Download Math 8: SYMMETRY Professor M. Guterman Throughout history

Math 8: SYMMETRY
Professor M. Guterman
Throughout history people have used symmetric designs to
decorate their surroundings. In this course we will discuss the
symmetries of wallpaper patters such as the student-drawn
example to the left. Our approach illustrates the powerful theme
in modern mathematics: we associate to each pattern a
mathematical object called a group (consisting of the symmetries
of the pattern) and we use these groups to classify the patterns.
Our main mathematical goal will be to show that there are only
17 types of wallpaper patterns. As we proceed with the
mathematical discussion, we will learn to identify the symmetries
of given patterns, with a special emphasis on the periodic
drawings of M. C. Escher. In addition, we will learn to draw
such patterns ourselves.
The mathematical prerequisite for the course is high school
geometry (including some exposure to the congruence of
triangles and the rudiments of analytic geometry: Cartesian
coordinates, the distance formula, etc.).

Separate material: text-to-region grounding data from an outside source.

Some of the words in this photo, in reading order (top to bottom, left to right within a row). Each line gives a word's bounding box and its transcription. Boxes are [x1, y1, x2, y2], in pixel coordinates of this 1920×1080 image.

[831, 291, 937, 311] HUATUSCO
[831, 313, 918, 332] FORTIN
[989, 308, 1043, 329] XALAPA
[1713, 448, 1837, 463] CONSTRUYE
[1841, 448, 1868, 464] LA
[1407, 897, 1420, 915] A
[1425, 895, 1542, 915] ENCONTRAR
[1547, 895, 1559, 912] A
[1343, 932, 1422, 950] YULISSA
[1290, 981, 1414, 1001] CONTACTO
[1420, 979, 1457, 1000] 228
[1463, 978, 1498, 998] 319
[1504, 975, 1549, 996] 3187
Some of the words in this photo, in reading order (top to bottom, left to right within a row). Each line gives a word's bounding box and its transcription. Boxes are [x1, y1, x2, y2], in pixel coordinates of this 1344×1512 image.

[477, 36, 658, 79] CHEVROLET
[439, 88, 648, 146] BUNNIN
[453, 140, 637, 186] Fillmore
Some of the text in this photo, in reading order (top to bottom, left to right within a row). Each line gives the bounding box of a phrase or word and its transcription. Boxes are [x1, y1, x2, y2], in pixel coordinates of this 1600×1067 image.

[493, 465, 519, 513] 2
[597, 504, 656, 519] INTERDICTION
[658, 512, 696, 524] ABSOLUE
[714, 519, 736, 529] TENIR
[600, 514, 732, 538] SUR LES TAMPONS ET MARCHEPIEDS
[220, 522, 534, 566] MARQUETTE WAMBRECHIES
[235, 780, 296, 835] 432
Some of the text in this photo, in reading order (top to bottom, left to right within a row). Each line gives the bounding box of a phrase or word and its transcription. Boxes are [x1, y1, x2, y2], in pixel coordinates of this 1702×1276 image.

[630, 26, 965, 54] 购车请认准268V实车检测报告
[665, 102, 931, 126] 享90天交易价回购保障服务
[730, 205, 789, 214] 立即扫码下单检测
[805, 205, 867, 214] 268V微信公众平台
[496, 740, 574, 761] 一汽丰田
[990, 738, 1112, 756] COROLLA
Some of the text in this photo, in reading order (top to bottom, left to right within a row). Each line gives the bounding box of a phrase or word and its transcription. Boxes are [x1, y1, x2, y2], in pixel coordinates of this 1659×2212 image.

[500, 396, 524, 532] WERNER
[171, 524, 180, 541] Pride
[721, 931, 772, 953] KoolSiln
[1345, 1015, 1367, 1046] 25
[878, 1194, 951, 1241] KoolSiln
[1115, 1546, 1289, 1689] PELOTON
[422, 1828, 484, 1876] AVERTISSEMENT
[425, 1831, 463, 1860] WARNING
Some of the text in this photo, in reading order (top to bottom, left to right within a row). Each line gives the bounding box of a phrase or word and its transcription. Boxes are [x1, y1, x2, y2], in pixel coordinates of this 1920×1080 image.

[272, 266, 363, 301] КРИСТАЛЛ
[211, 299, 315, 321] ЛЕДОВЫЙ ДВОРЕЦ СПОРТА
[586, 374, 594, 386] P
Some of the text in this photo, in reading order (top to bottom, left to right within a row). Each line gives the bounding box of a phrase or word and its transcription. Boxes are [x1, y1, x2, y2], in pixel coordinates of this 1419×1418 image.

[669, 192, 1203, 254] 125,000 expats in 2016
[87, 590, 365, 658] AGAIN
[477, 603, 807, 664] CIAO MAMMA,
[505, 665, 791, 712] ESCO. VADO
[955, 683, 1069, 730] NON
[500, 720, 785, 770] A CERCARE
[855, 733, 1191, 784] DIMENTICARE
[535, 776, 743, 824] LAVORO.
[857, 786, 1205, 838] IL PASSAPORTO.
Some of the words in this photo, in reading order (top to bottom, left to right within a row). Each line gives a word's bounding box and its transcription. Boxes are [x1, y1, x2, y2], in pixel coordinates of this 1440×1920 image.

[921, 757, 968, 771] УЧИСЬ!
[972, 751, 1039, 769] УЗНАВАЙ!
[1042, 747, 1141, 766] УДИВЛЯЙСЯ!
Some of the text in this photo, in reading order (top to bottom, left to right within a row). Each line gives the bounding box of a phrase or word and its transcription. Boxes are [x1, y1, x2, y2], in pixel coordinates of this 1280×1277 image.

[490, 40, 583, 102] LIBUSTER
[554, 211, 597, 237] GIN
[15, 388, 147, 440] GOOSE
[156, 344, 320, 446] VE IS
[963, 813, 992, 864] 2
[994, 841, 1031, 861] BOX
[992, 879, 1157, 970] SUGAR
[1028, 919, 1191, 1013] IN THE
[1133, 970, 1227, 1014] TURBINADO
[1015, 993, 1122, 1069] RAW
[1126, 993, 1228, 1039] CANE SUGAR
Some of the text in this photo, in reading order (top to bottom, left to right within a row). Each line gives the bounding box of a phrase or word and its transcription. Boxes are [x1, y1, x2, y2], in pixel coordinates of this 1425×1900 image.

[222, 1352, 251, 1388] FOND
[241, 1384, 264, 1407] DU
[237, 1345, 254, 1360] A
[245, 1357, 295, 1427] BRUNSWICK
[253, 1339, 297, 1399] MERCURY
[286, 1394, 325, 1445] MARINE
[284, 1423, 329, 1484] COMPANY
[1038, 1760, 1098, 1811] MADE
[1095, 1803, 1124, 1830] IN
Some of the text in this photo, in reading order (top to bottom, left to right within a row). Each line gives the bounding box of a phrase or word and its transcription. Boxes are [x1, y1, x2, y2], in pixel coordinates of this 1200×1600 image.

The course counts
toward the Mathematical Sciences distribution requirement, but
does not count towards a concentration in Mathematics.
Texts:
Doris Schattschneider: Visions of Symmetry- Notebooks,
Periodic Drawings, and Related Work of M. C. Escher, W. H.
Freeman and Co., New York, 1990.
Martin M. Guterman: Symmetry Groups of the Plane, notes
available through the Math Department.